Can this be done in my sheet? I have little knowledge of Google spreadsheet so any help is welcome..

I have two sheets, one "DATA" and the other "INFO" for to fill in the times and the break.

The attached file is originally a google sheet file but due to downloading it became an xlsx file.

Kind regards,
FvdF

----------


## janmorris

as the check boxes can not be propagated from xlsx to g-sheets, and so that we do not need to recreate the sheet from scratch, are you able to attach a txt file with a link to a copy of the google sheets file?

----------


## FvdF

Dear Janmorris,

I have attached a txt document and hope you can continue with it. I would be very happy if you can make what I want. 
I have on tab "clochmatrix" the right hours so the bonus should be calculated.

With Regards,
FvdF

----------


## janmorris

ive just had a look at the sheet.

there is a checkbox for breaks, but after comparing the sample data against the hours matrix, it appears that the current format is deficient.

for example, if someone works for several hours, and those hours span across various timeframes, then it will not be possible to properly calculate the bonus as it is unknown during which block the break was actually taken.


Hours Matrix.png


can you provide any more information?

----------


## FvdF

The checkbox is only when you have had a break. I can also put this somewhere else if that is better.

What more information do you need? I want to give as much information as I can as long as I know what?

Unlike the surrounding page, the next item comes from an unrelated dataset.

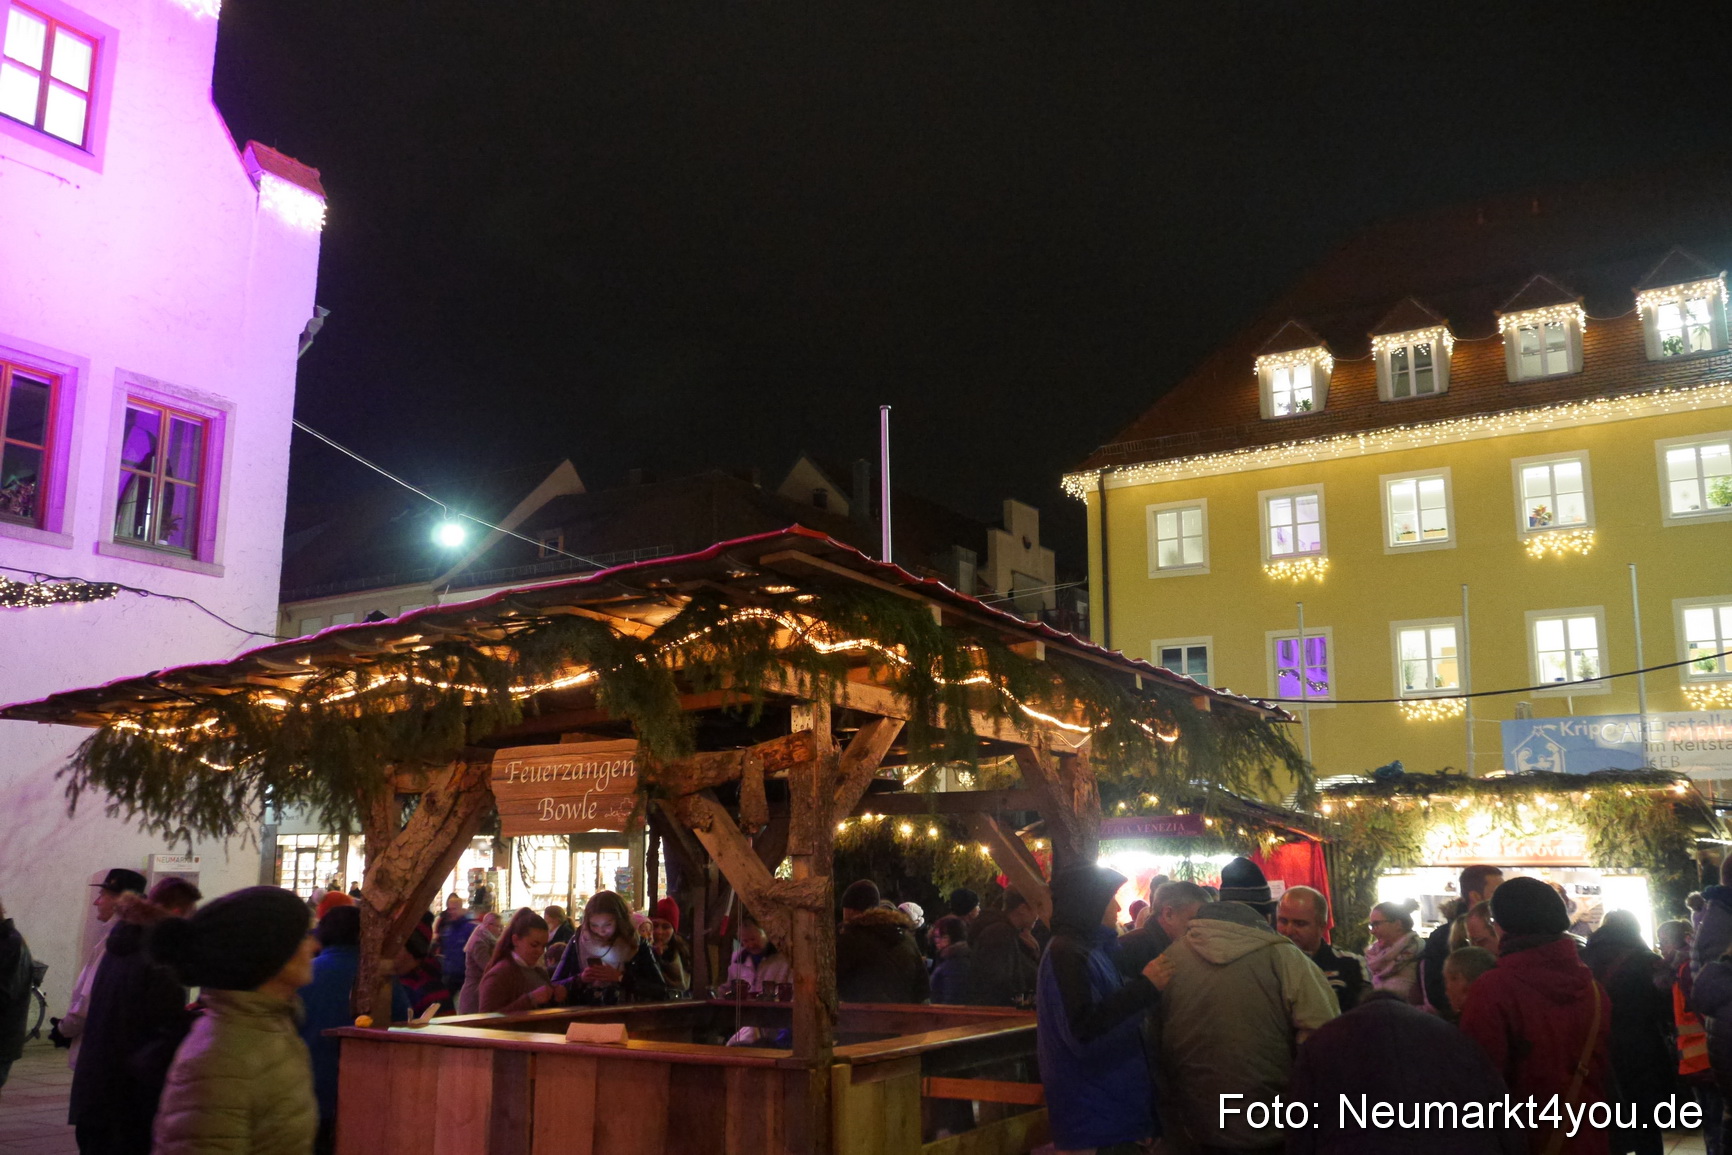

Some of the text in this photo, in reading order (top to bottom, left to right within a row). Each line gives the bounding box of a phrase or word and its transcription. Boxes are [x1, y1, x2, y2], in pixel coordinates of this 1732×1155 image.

[1696, 725, 1732, 741] RAT
[505, 758, 636, 792] Feuerzangen
[538, 789, 597, 821] Bowle
[1136, 822, 1185, 834] VENEZIA

Here are the real working hours for each shift.

Grzt.

----------


## janmorris

the new information creates more questions than it answers.

Nachtdienst "vr" has no end time, is there an end time?

is the "Pauze" always at the same time each day for each working shift, or can the time vary or be random time? is the deduction for Pauze only 30 minutes, or is deduction dependent on which block the break was taken in?

in the data image 2, on 23-10-2021 start at 2:15, which does not match the list in the first image (maybe should be 2:00?), and the end time and therefore the total hours do not match any of the image 1 data... does this mean people can have any start and finish times, and still get rewarded by working in blocks that have higher bonuses? or is this based on management approval and when there is no approval then the person simply gets the bonus according to their schedule shift?

----------


## FvdF

Dear forum users,

I have given some unclear information, sorry for that. The current "clock matrix" sheet is for the on-call workers who have to fill in their hours worked here. I think this works well.
In our accounting department, these hours are then paid out on the basis of the hours matrix. This is calculated manually.
I would like to arrange this automatically with a google sheet. But I can't do that, I don't have enough knowledge.
Therefore my call to you to look at my current "clockmatrix" sheet and to see if this can be adjusted to what I want?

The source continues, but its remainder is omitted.